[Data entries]
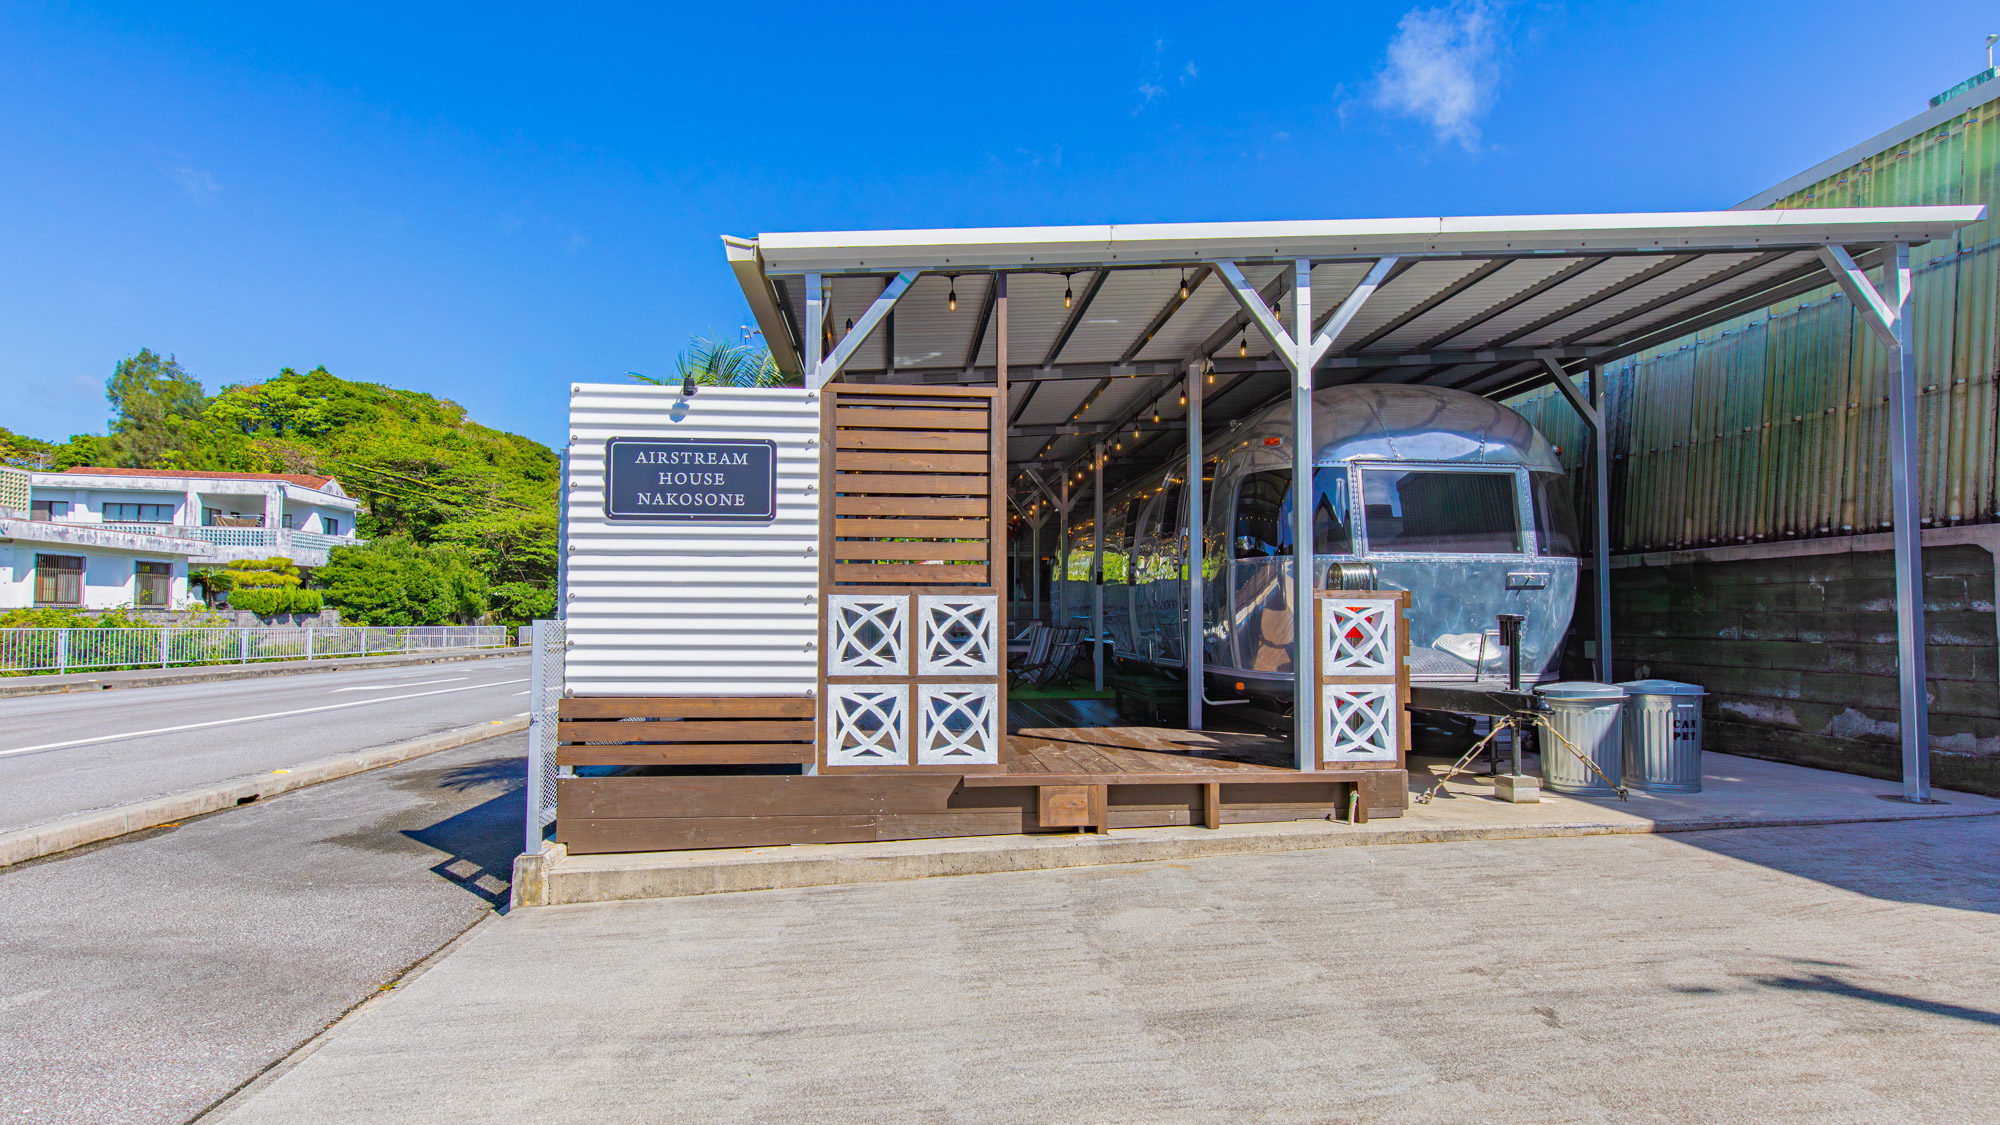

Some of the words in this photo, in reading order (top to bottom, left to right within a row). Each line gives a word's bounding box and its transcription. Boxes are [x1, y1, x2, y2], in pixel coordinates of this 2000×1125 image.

[635, 451, 748, 465] AIRSTREAM
[658, 472, 725, 485] HOUSE
[637, 492, 745, 506] NAKOSONE
[1673, 719, 1696, 728] CAN
[1673, 731, 1696, 740] PET
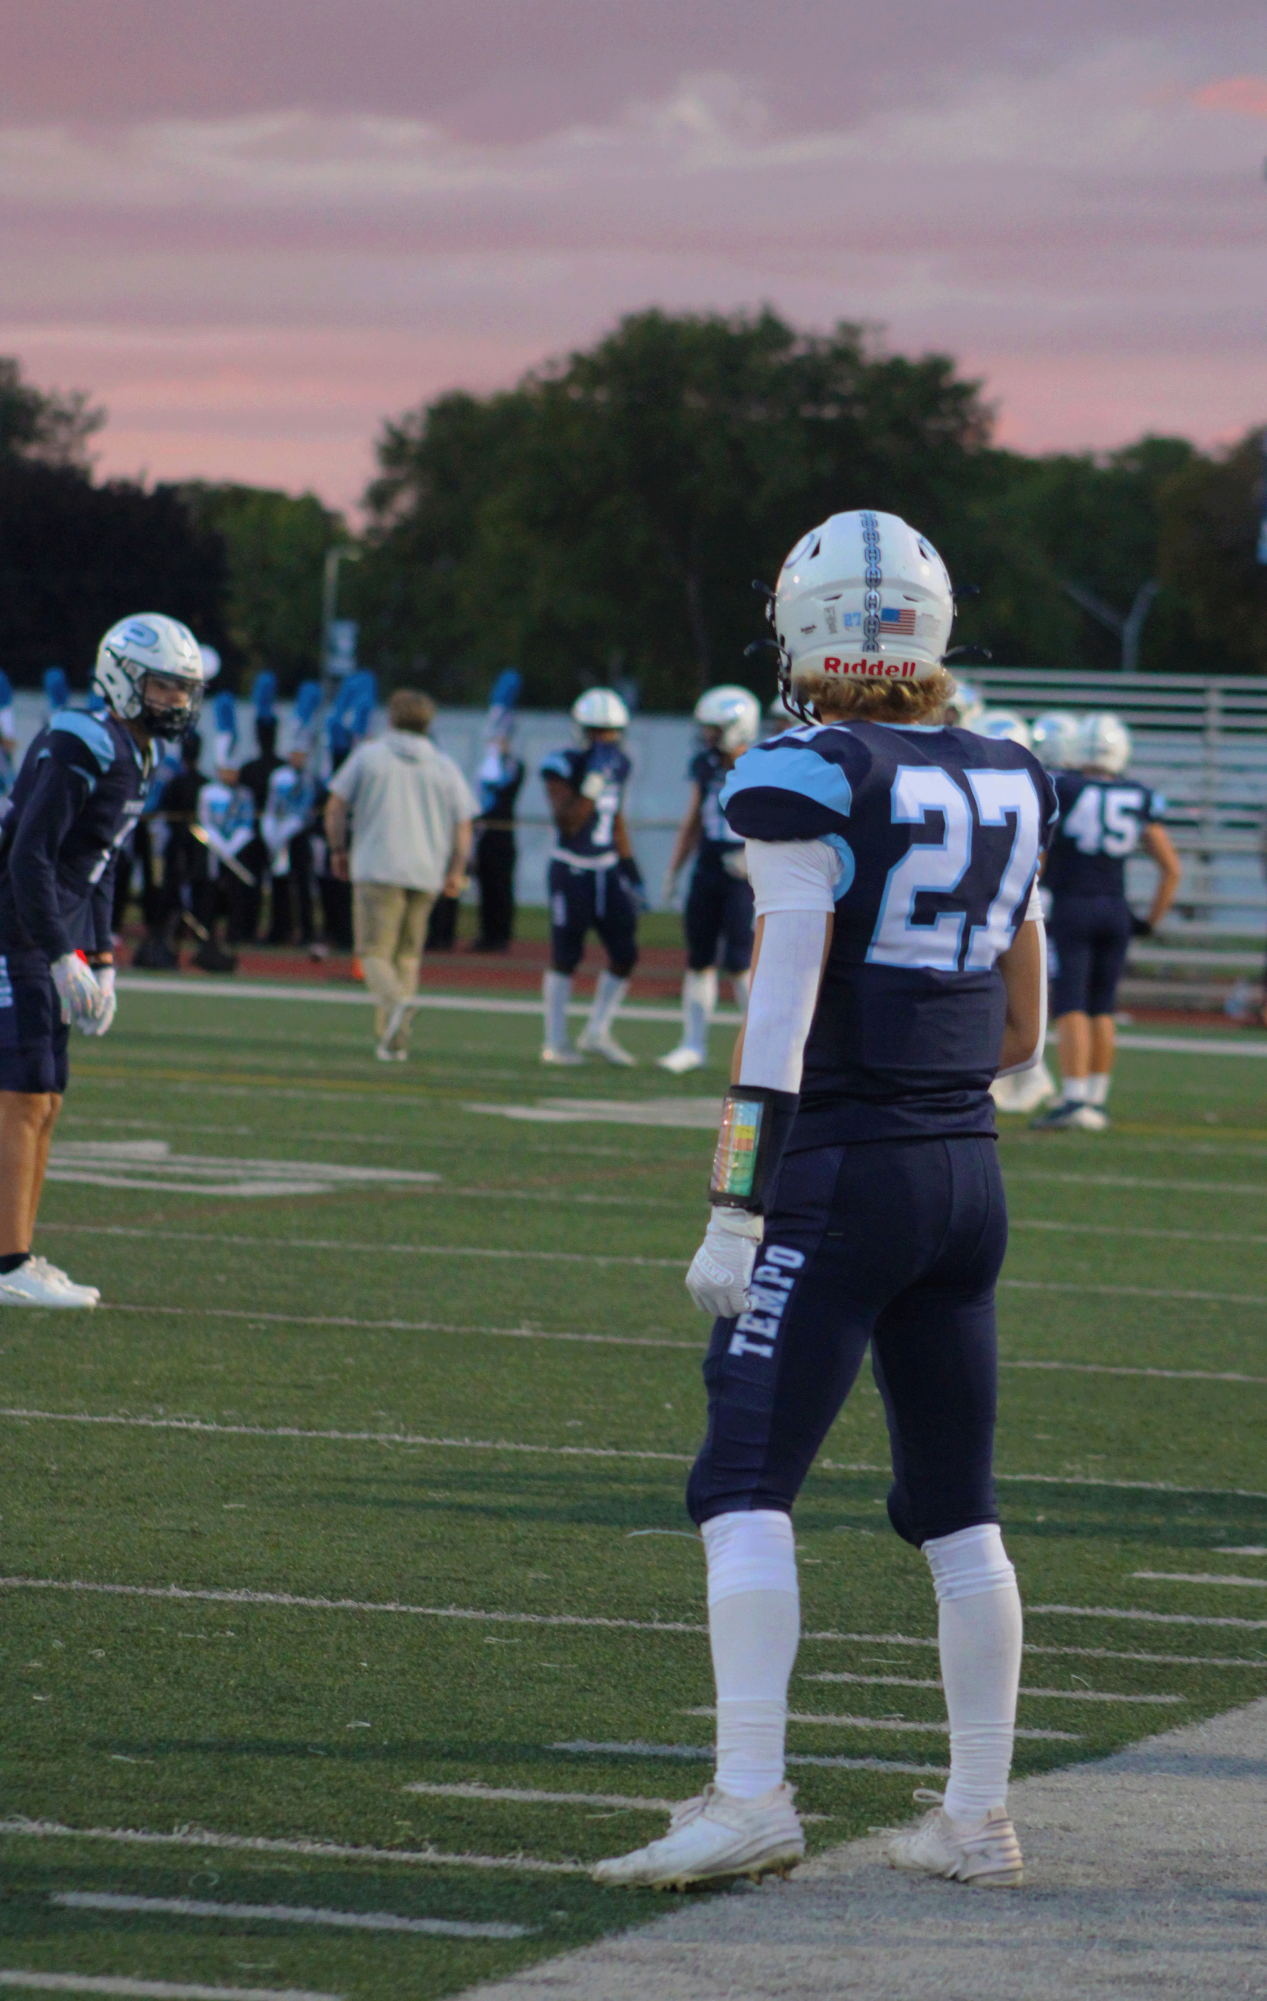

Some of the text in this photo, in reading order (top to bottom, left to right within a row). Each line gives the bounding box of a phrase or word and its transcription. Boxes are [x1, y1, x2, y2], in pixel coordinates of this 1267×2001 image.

§ **Assignment**
Exactly as written, give every entry again, but not the pictures.

§ **Answer space**
Some of the words in this photo, in reading order (top to bottom, left to right within a row). Each line gives a word's bounding box and its transcription. Boxes are [x1, y1, x2, y2], in pixel coordinates of this 2000×1125 image.

[635, 451, 748, 465] AIRSTREAM
[658, 472, 725, 485] HOUSE
[637, 492, 745, 506] NAKOSONE
[1673, 719, 1696, 728] CAN
[1673, 731, 1696, 740] PET

Some of the text in this photo, in reading order (top to bottom, left to right within a row). Each line gives the bounding box of a phrase or word and its transcription. Boxes are [x1, y1, x2, y2], in pixel coordinates of this 1267×2001 image.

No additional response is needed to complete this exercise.